═════ RECORD SET ═════
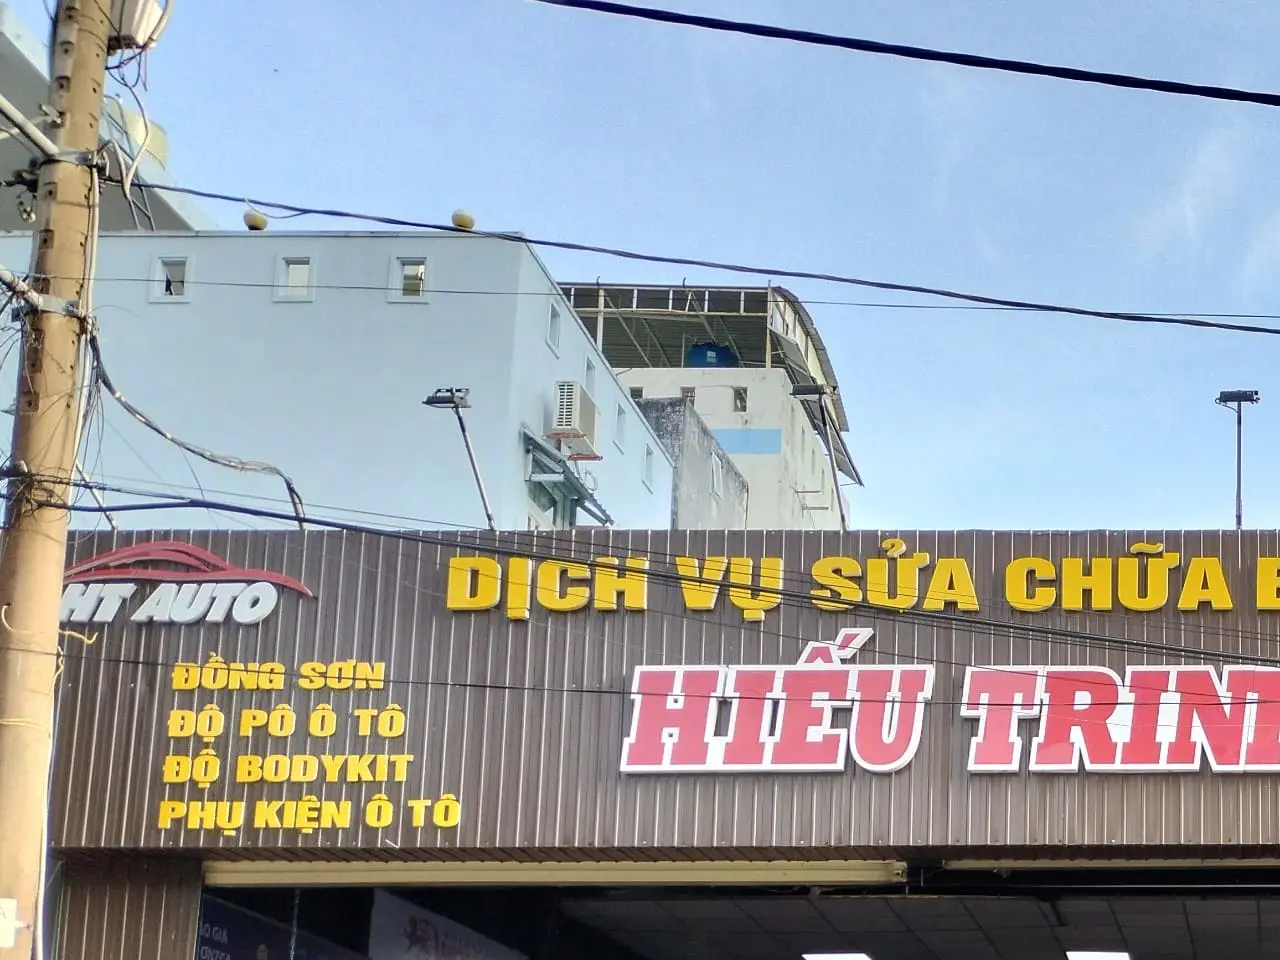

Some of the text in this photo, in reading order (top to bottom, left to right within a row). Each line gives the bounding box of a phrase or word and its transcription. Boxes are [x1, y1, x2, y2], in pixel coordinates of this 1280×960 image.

[447, 556, 649, 621] DỊCH
[675, 556, 783, 622] VỤ
[810, 538, 980, 613] SỬA
[1005, 541, 1232, 613] CHỮA
[60, 581, 278, 625] HT AUTO
[172, 651, 386, 690] ĐỒNG SƠN
[620, 627, 935, 774] HIẾU
[167, 703, 406, 743] ĐỘ PÔ Ô TÔ
[162, 748, 414, 788] ĐỘ BODYKIT
[158, 793, 460, 836] PHỤ KIỆN Ô TÔ
═════
### GOAL OF THE EXERCISE
Print every line above exactly. Leave the pictures out.

### YOUR SOLUTION
Some of the text in this photo, in reading order (top to bottom, left to right within a row). Each line gives the bounding box of a phrase or word and its transcription. Boxes are [x1, y1, x2, y2], in pixel coordinates of this 1280×960 image.

[447, 556, 649, 621] DỊCH
[675, 556, 783, 622] VỤ
[810, 538, 980, 613] SỬA
[1005, 541, 1232, 613] CHỮA
[60, 581, 278, 625] HT AUTO
[172, 651, 386, 690] ĐỒNG SƠN
[620, 627, 935, 774] HIẾU
[167, 703, 406, 743] ĐỘ PÔ Ô TÔ
[162, 748, 414, 788] ĐỘ BODYKIT
[158, 793, 460, 836] PHỤ KIỆN Ô TÔ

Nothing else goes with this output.